O estabelecimento de garantias e prioridades para o processo justo e efetivo: análise dos artigos 1º a 15 do Código de Processo Civil de 2015.


Estudos do Novo Código de Processo Civil:

O estabelecimento de garantias e prioridades para o processo justo e efetivo: análise dos artigos 1º a 15 do Código de Processo Civil de 2015.

Giselle Borges Alves
Advogada em Minas Gerais e professora no curso de Direito da Faculdade CNEC Unaí
Texto elaborado e publicado em 10/12/2015.

O novo Código de Processo Civil - Lei 13.105 de 06 de março de 2015 -, abre o Livro I trazendo normas de conteúdo hermenêutico que irão nortear a aplicação de todas as demais normas contidas no Código. O título único trata das normas fundamentais e traça diretrizes de aplicação das normas processuais civis.

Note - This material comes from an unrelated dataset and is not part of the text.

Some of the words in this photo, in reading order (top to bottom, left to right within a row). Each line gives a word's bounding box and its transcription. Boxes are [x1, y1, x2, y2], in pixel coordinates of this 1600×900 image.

No artigo 1º é possível perceber que o novo Código de Processo Civil consagra a visão constitucional do processo, ao estabelecer que todo o processo civil deverá ser ordenado, disciplinado e interpretado de acordo com o valores supremos estabelecidos pela Carta Política nacional, consagrando a visão de que o processo civil não é uma seara estanque ou desvinculada dos fundamentos da República e das garantias individuais e coletivas.
O artigo 2º traz disposição conhecida pelos operadores do direito: o princípio da inércia da jurisdição. Assim, continua a regra processual que estabelece que o processo apenas inicia por provocação da parte, mas que deverá se desenvolver por impulso oficial, ressalvadas apenas as exceções legalmente previstas. Assim, a jurisdição inicialmente é inerte, mas uma vez provocada os atos processuais deverão ser impulsionados pelo Estado-juiz sem a necessária insistência das partes, estas deverão se pronunciar apenas quando necessário ao deslinde dos fatos ou quando provocadas pela própria jurisdição.

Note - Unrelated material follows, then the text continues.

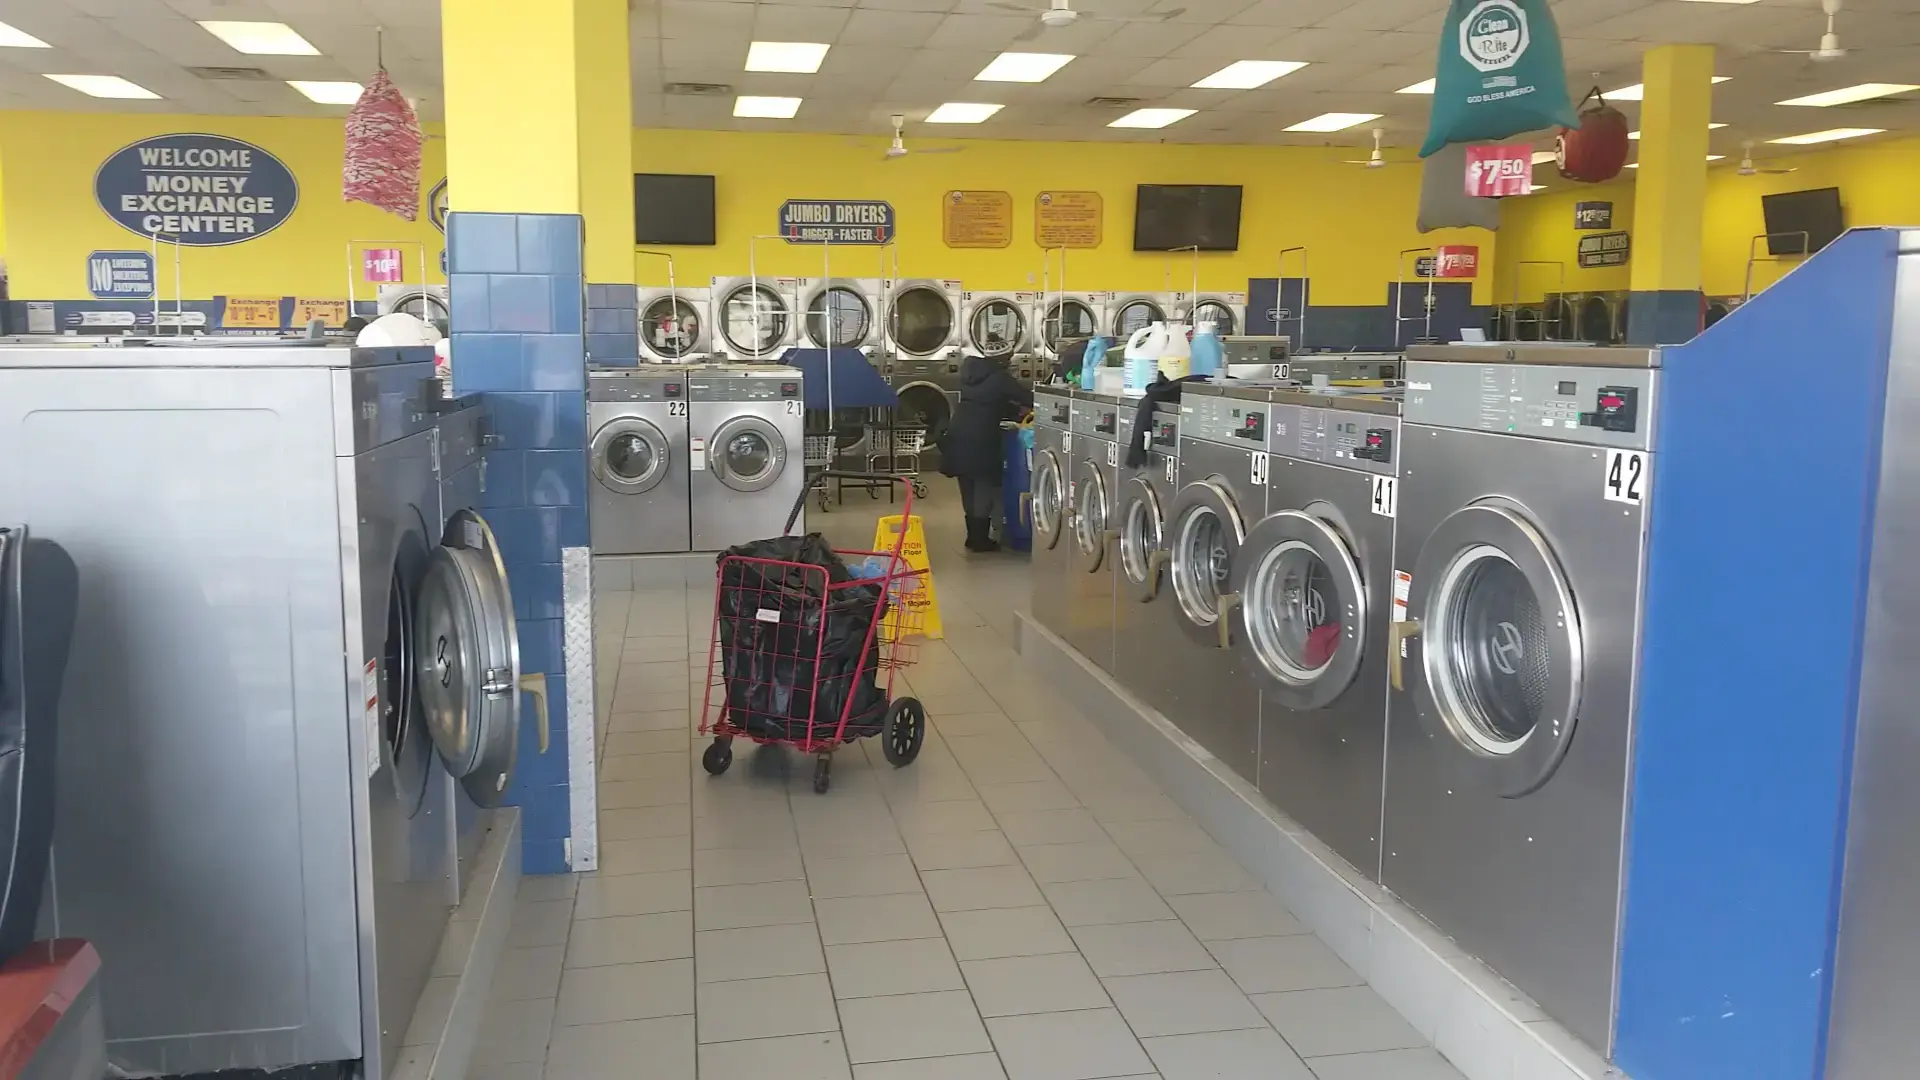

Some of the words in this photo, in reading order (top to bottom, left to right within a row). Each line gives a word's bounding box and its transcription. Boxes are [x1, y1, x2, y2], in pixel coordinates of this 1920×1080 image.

O artigo 3º traça a garantia fundamental estabelecida pela Constituição Federal de 1988, quanto a inafastabilidade da prestação jurisdicional, ou seja, por literalidade do artigo que retrata norma já insculpida na Carta Suprema no artigo 5º inciso XXV, não será excluída da apreciação do Poder Judiciário ameaça ou lesão a direito.
Nos parágrafos 1º a 3º do artigo 3º da nova norma processual há a consolidação dos meios alternativos de resolução de conflitos, como aptos a prestar satisfatoriamente o amparo esperado pelo cidadão na resolução de controvérsias. Assim, o Código de Processo Civil de 2015, admite a arbitragem e prioriza a realização da conciliação, onde esta, por sua vez, deverá de todas as formas ser estimulada, por todas as partes e intervenientes no processo (juízes, advogados, defensores públicos e membros do Ministério Público).

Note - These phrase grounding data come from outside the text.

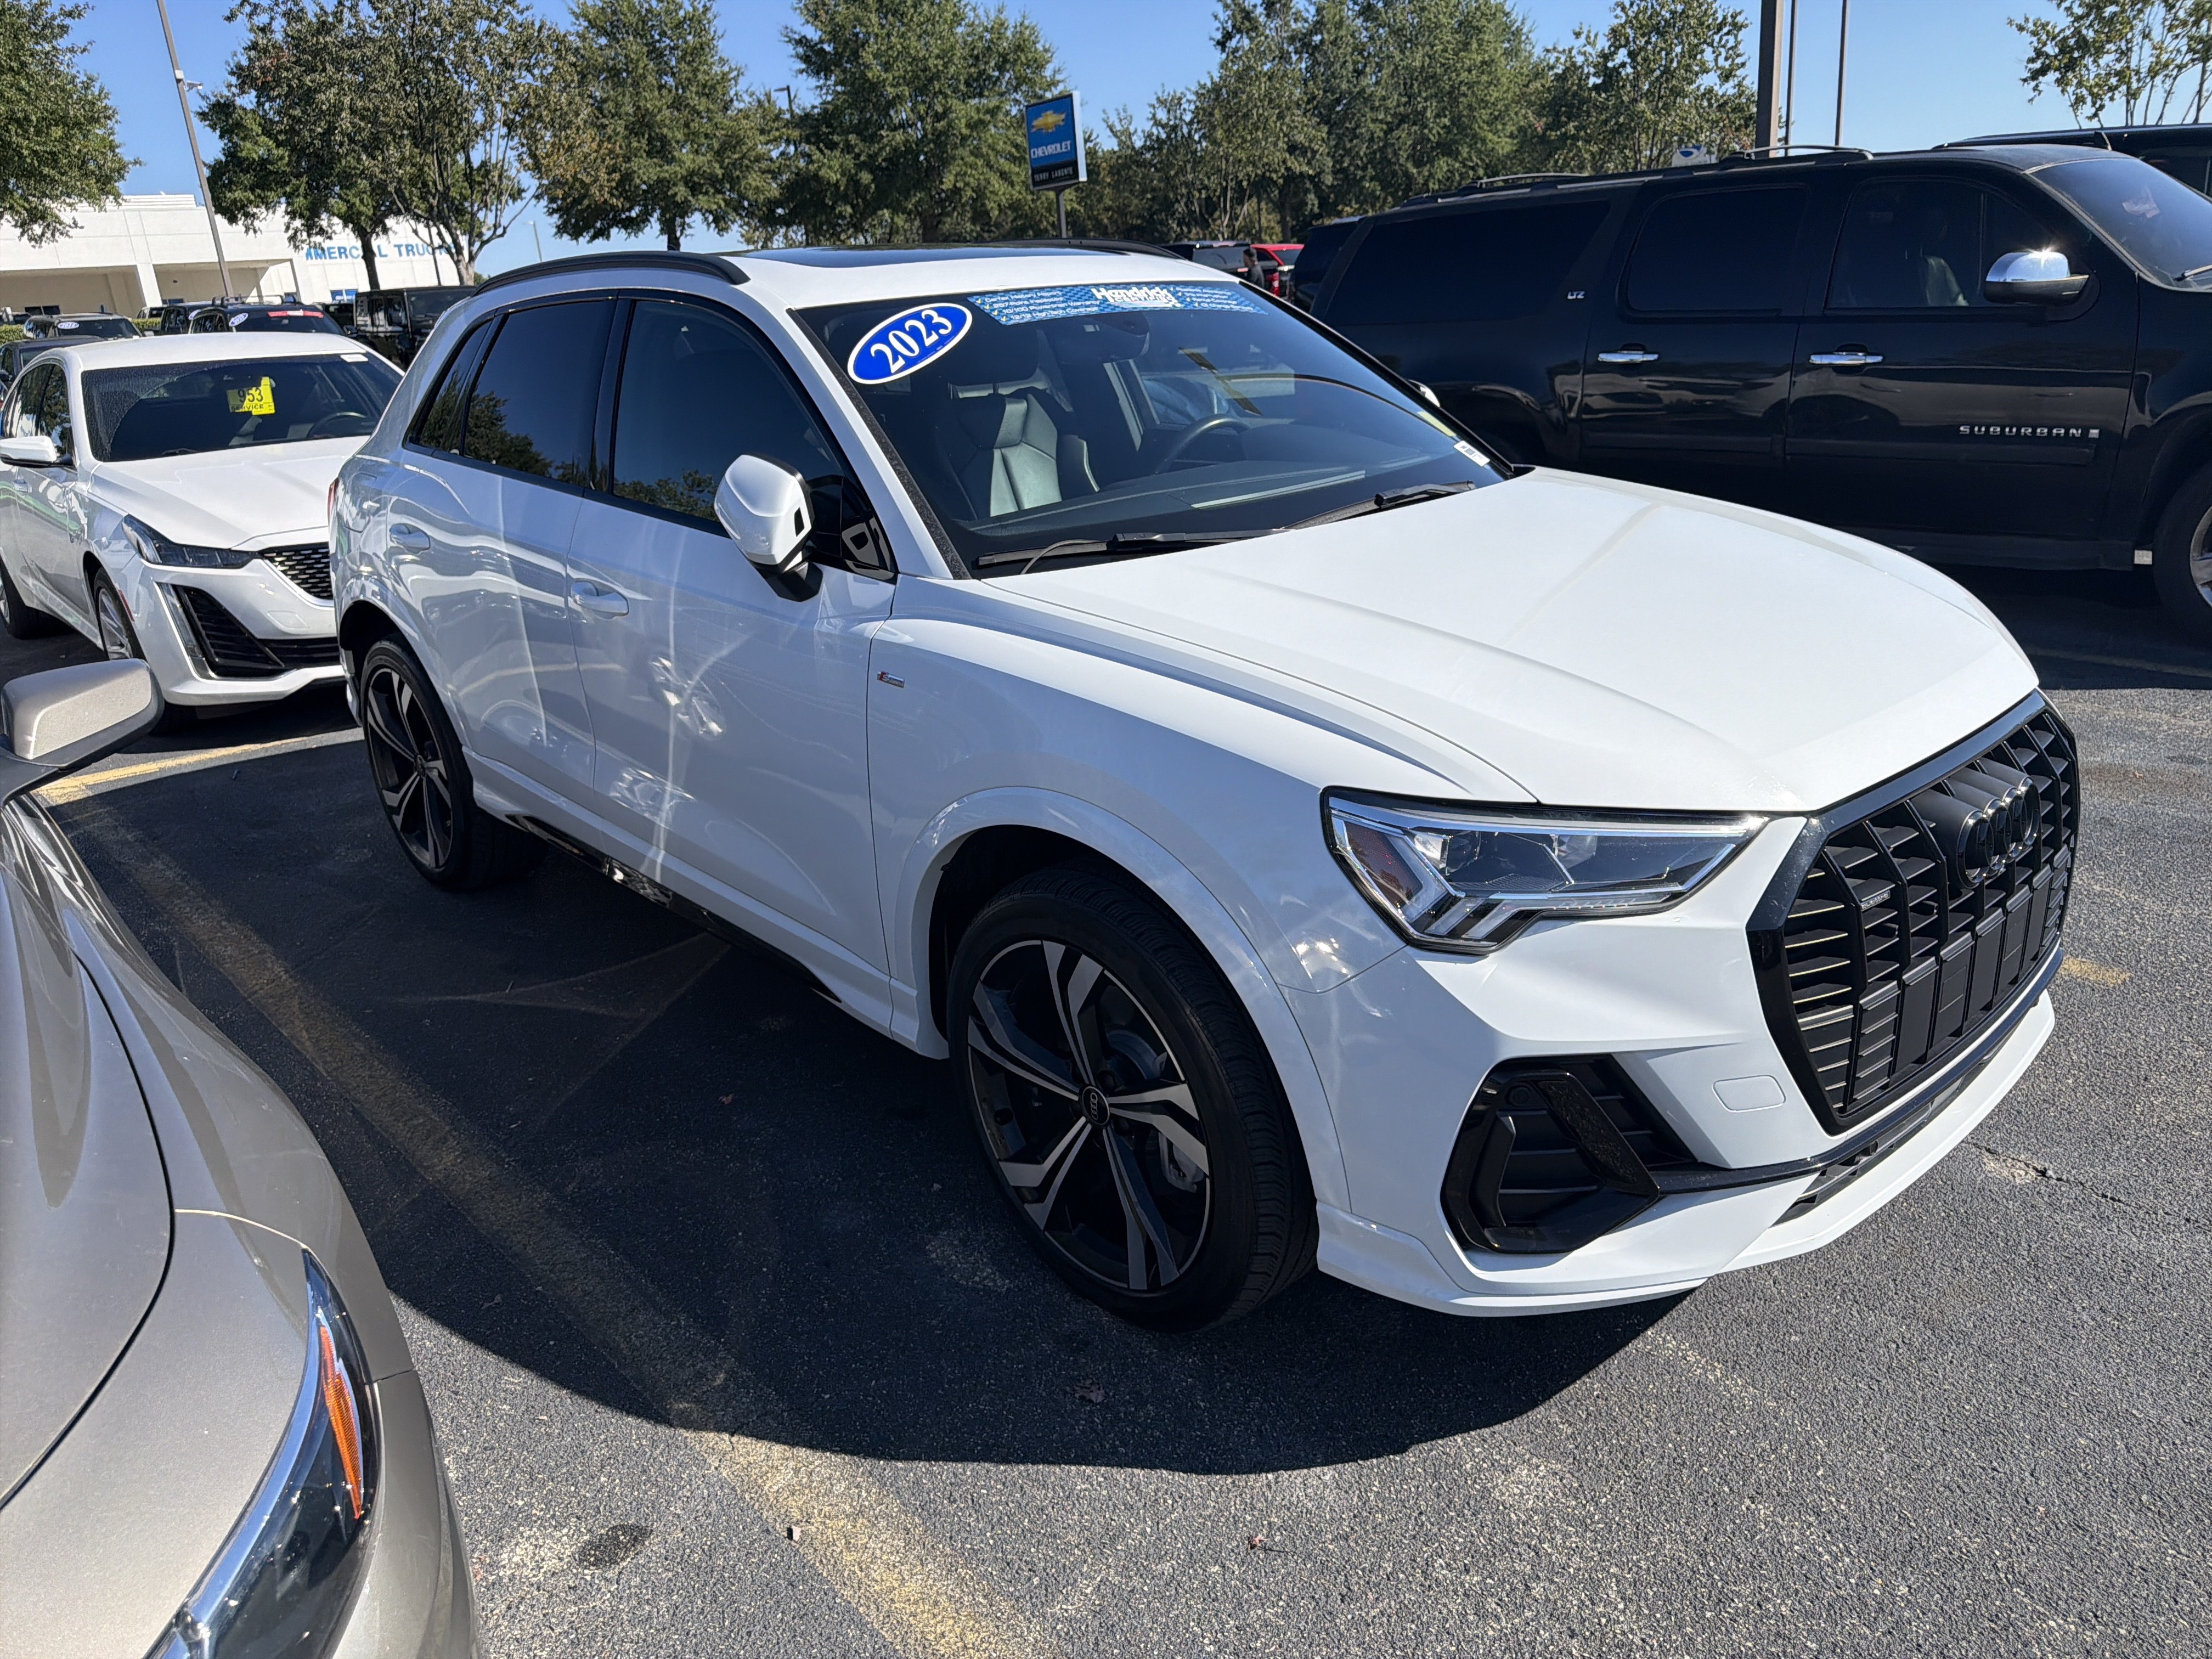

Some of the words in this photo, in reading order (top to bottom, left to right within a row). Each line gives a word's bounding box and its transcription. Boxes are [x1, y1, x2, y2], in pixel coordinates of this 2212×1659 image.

[1030, 140, 1071, 159] CHEVROLET
[1091, 286, 1172, 302] Hendrick
[1567, 291, 1585, 299] LTZ
[871, 309, 952, 374] 2023
[238, 387, 263, 402] 953
[1959, 425, 2081, 437] SUBURBAN

O artigo 4º trouxe o dever do Estado-juiz de oferecer aos jurisdicionados uma rápida e efetiva solução dos litígios, mediante um prazo razoável de duração do trâmite processual. Temos, portanto, o princípio da celeridade processual de forma explícita no novo texto processual.
O princípio da boa-fé de eficácia processual também veio insculpido no artigo 5º, estabelecendo que todas as partes e intervenientes no processo devem agir imbuídos de ética na produção dos atos, contribuindo para a resolução efetiva do conflito, praticando os atos necessários sem qualquer abuso no seu exercício. Assim, o princípio da boa-fé processual está também diretamente ligado ao princípio cooperativo ou princípio de colaboração processual plena, estabelecido no artigo 6º da norma processual. Pelo princípio colaborativo, as partes devem realizar os atos de forma a obter em tempo razoável uma decisão justa e efetiva. Neste sentido, os atos praticados com boa-fé pelas partes, visando ao deslinde satisfativo, colaboram para que o processo chegue ao seu final priorizando a verdade processual.
O artigo 7º do novo Código de Processo, em sua primeira parte, consagra o princípio da isonomia processual, determinando a necessidade de paridade de tratamento das partes no exercício de direitos e faculdades processuais, como também na utilização de mecanismos de defesa, na distribuição equânime e legal dos ônus e deveres processuais. Em sua última parte o artigo 7º estabelece que a isonomia processual também equivale ao zelo do magistrado pelo contraditório efetivo. Aliás, os princípios do contraditório e da ampla defesa, possuem enorme ênfase no novo texto processual civil pátrio. Ambos os princípios ganham destaque no artigo 7º ao 10º, sempre priorizando a possibilidade das partes pronunciarem-se e o direito de serem ouvidas previamente.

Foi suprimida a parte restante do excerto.